Cave Dogs brings together visual artists, musicians, dancers, storytellers, and writers in the spirit of experimental interdisciplinary collaboration. Our performances consist of innovative, large-scale shadow projections cast onto a scrim from sculptures, props, and the human body. Using improvisational techniques, the cast shadows move in concert with projected video imagery, spoken narrative, and original soundtrack. Working with a variety of artistic media, we tell stories, create visual tableaus, and produce effects that approach the dreamlike quality of early experimental film. Cave Dogs tells stories that charm, intrigue, challenge, and captivate adults and children alike. The text, visual imagery, and sounds weave together to create a rich multi-media artifact that documents, preserves, and celebrates important cultural voices and stories. Cave Dogs has received grants from the Jim Henson Foundation (NYC), The NLT Foundation (Boston, MA), and Franklin Furnace (NYC), and The State University of New York (New Paltz, NY). The have recently performed at the Center for Contemporary Art in Santa Fe, New Mexico. Their New York City performances include P.S. 122, Henry Street Settlement, HERE, Time and Space Limited, The Woodstock Comeau Property, The Widow Jane Mine and SUNY New Paltz - McKenna Theater and Studley Theater.
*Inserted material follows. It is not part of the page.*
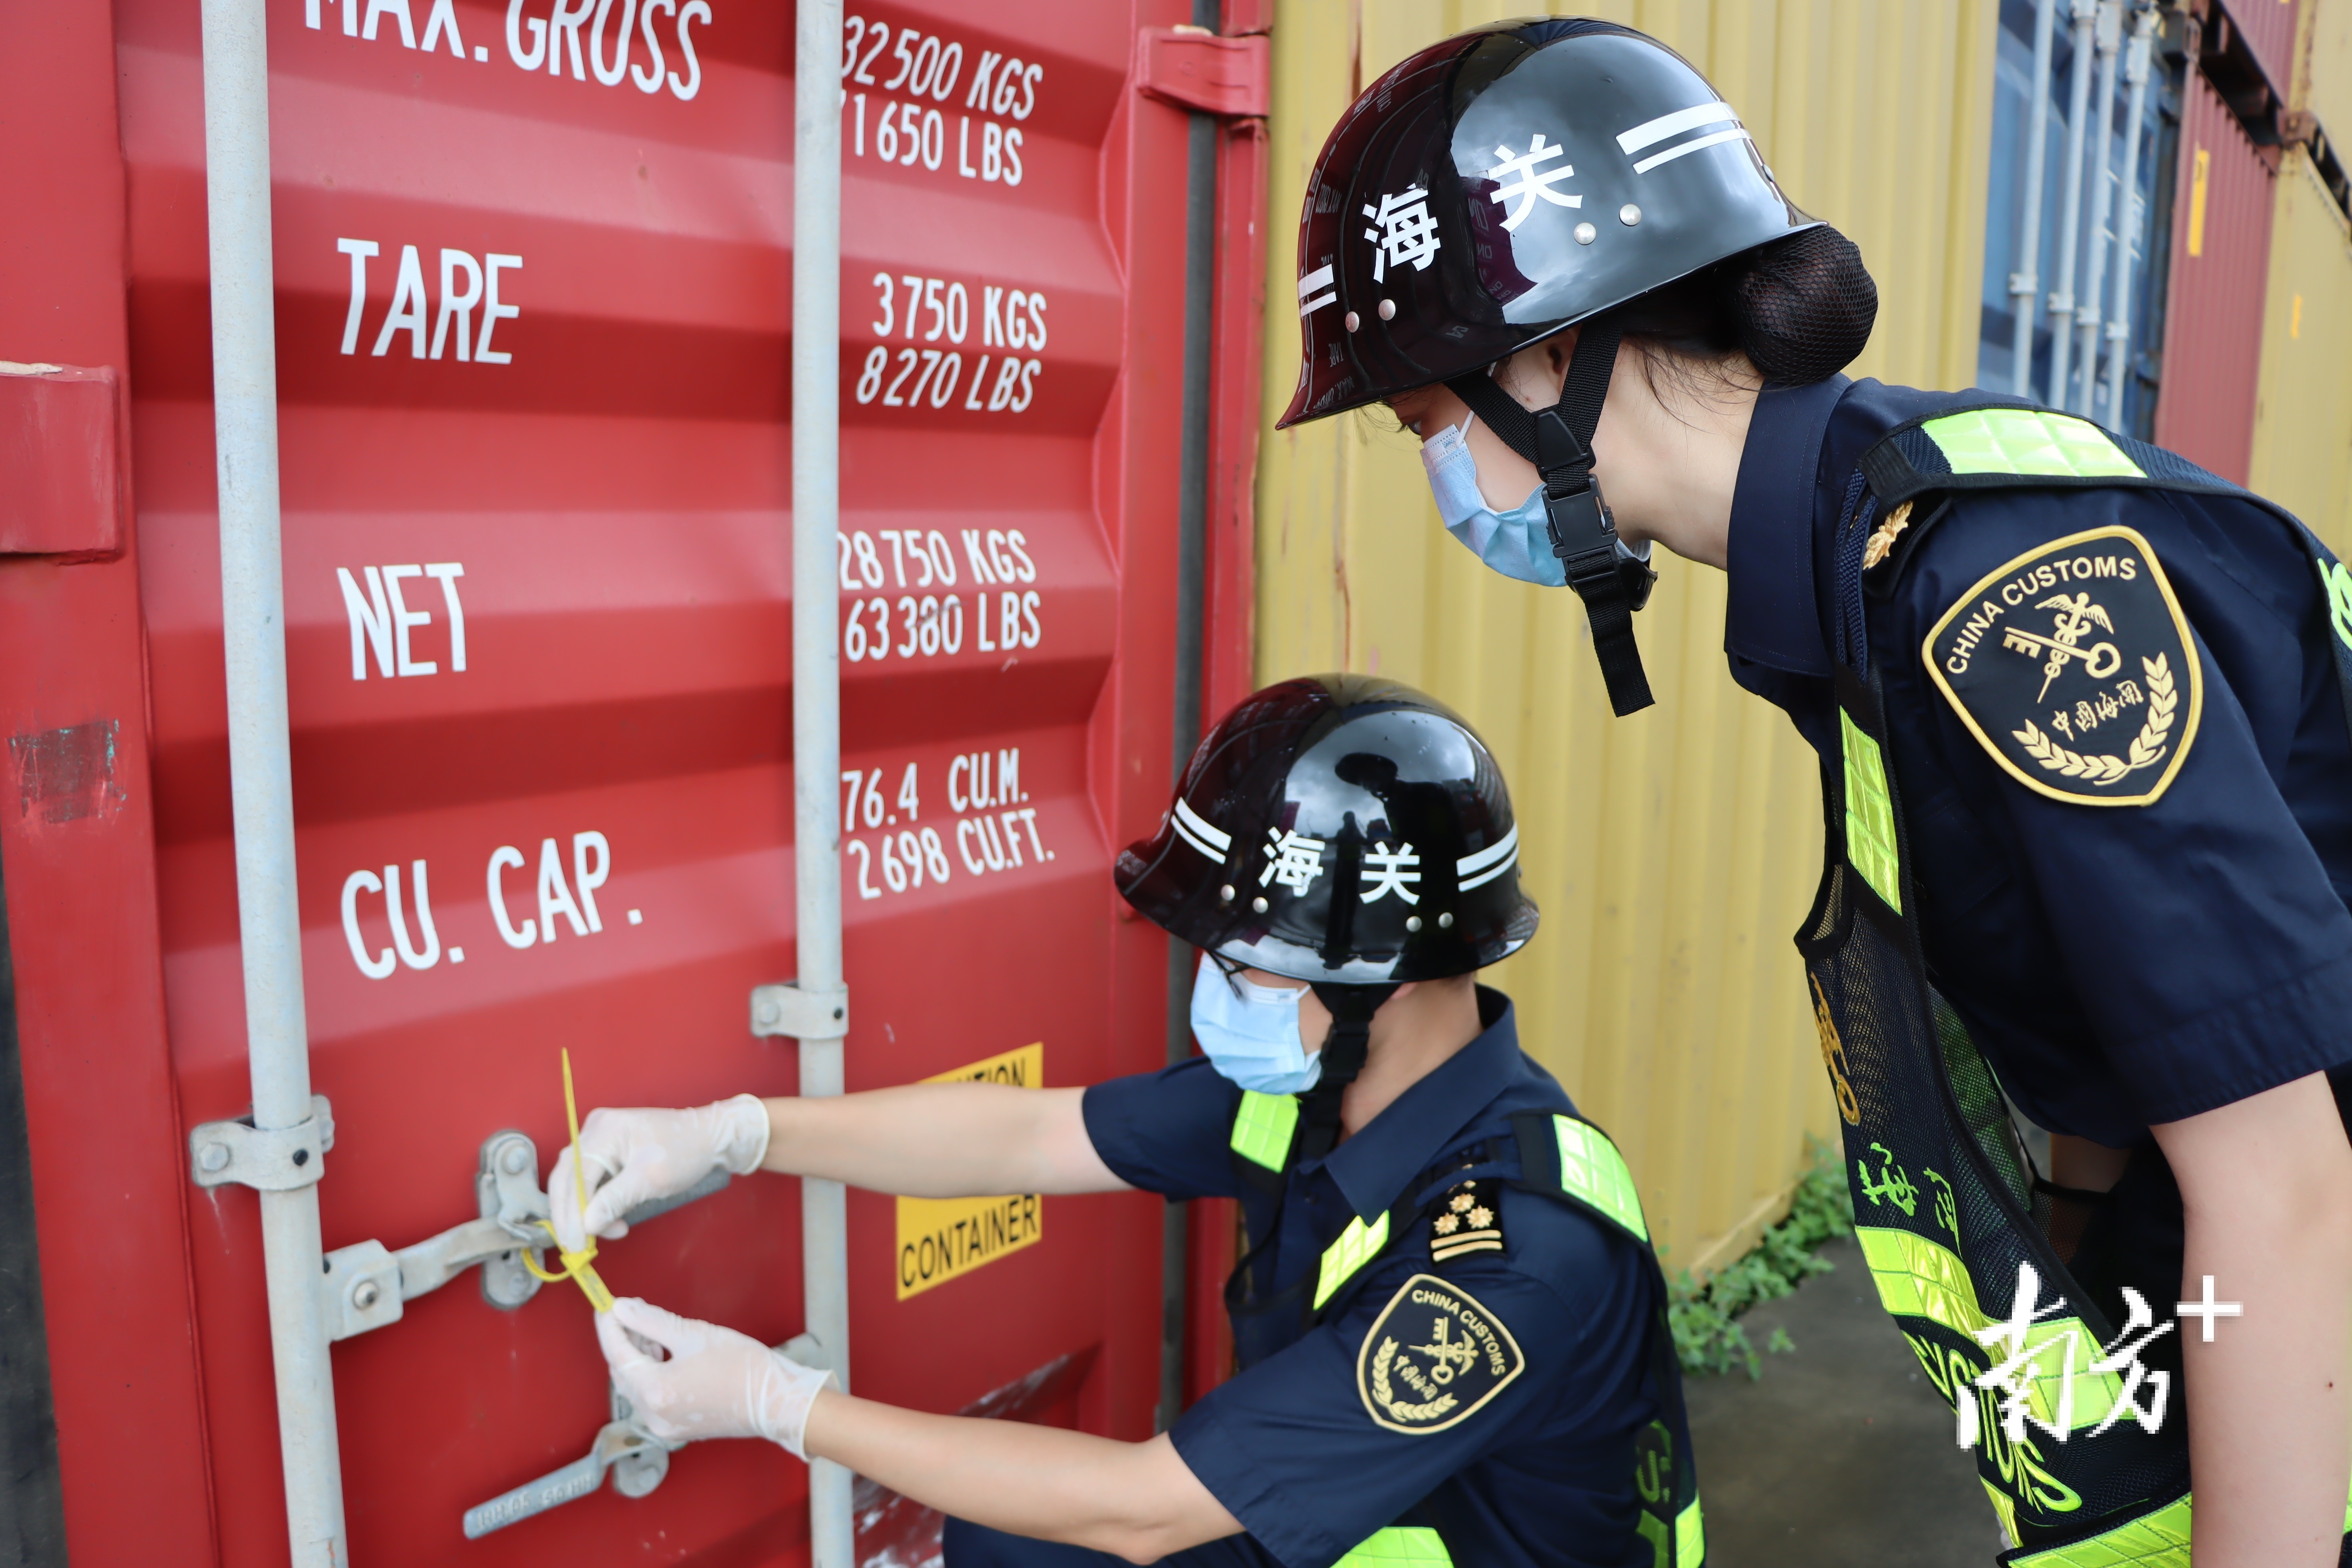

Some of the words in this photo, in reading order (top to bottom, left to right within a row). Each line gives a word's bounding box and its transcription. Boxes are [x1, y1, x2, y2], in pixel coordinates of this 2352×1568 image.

Boston Performances included an extended run at Mobius, as well as engagements at The School of the Museum of Fine Arts, The Massachusetts College of Art, The Cambridge Multicultural Art Center, and Boston College. Cave Dogs was recognized by Boston's PBS affiliate, WGBH, as a part of their Greater Boston Arts documentary series. WBUR, Boston's NPR affiliate, featured the Cave Dogs on the afternoon radio show, "Here and Now," exploring the unique creative process of the group and its musical sources.

Project Description:

"Legacies" is a multi-media, contemporary shadow performance that explores the influences of pacifism, activism, materialism and poverty as forces that both bind and erode three families over the course of several generations within the same New York City apartment building. With each suddeeding generation (World War I and the union building/busting era, the late 1960s, and the present), the inherited material, political, and spiritual legacies are revealed and represented in a narrative woven together with shadow and video projections and an original soundtrack. The exploration of this landscape is part documentary and part fictionalized realism developed through extensive research, live recordings, and written preservation of oral traditions.